Sources of Debt and Expected Stock Return [Link]
Firms borrowing from the public bond market on average have 5.7% per annum higher subsequent stock returns than firms borrowing from banks. The return spread is larger, about 9% per annum, among less profitable and small firms. Neither q-factor model nor Fama-French 5-factor model can explain this return spread. Bonds are difficult to renegotiate in bad states due to a large number of creditors whereas bank loans are easy to renegotiate. Borrowing from the bond market makes a firm riskier than borrowing from banks all else equal. On aggregate, the percentage of the corporate bond in the total corporate debt has superior in-sample and out-of-sample performance in predicting the equity premium, which validates the interpretation of the risk associated with sources of debt.
Work in Progress
Financial Shocks and Asset Returns
I examine equity premium in a one-sector growth economy that has two aggregate uncertainties, a shock to total factor of productivity and a shock to firms’ financing cost.

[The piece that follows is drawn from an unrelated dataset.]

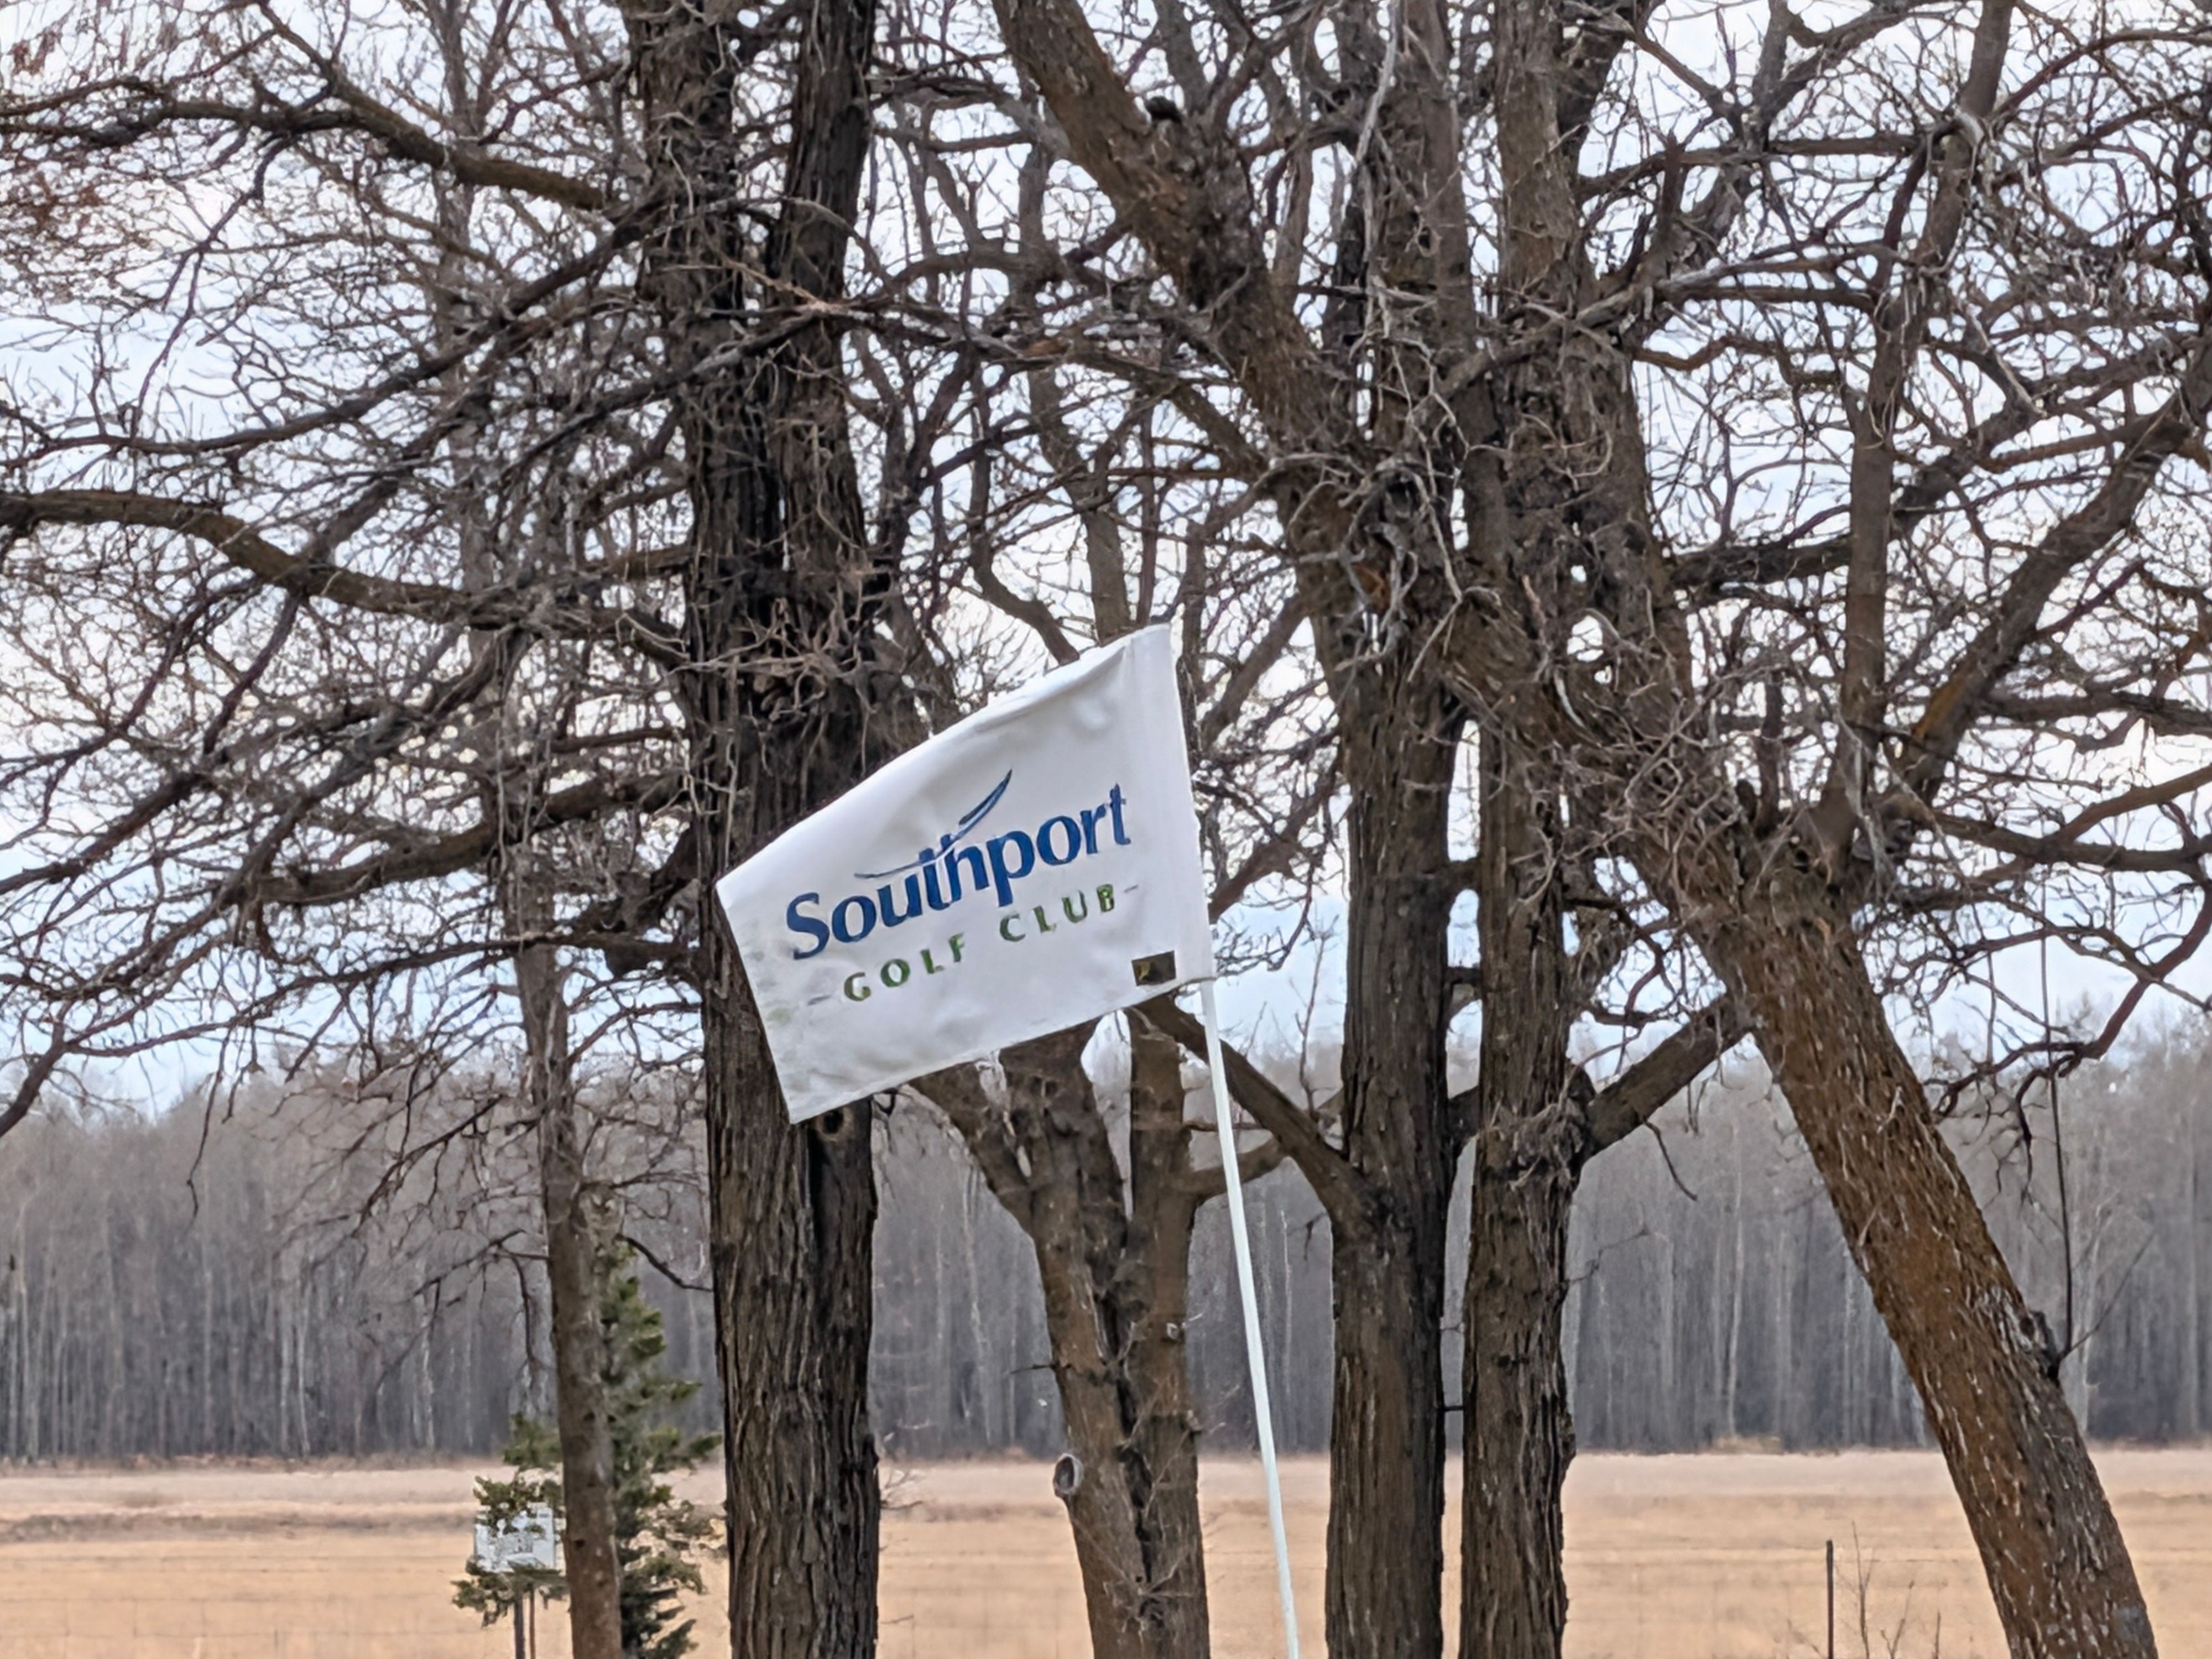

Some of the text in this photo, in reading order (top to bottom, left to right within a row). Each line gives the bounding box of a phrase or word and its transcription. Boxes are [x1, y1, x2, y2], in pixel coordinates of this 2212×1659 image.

The financing cost is modeled to be the reduction in financial intermediary’s intermediation capability. Firms’ borrowing constraints reduce firms’ choice set when facing productivity shocks. I construct a general equilibrium model that features representative agent with Epstein-Zin preference, long-run risk in aggregate productivity, and uncertainty in aggregate financing conditions. I calibrate the model to match US post-war data. The model is able to generate sizable equity premium as well as the Sharpe ratio that is close to the data.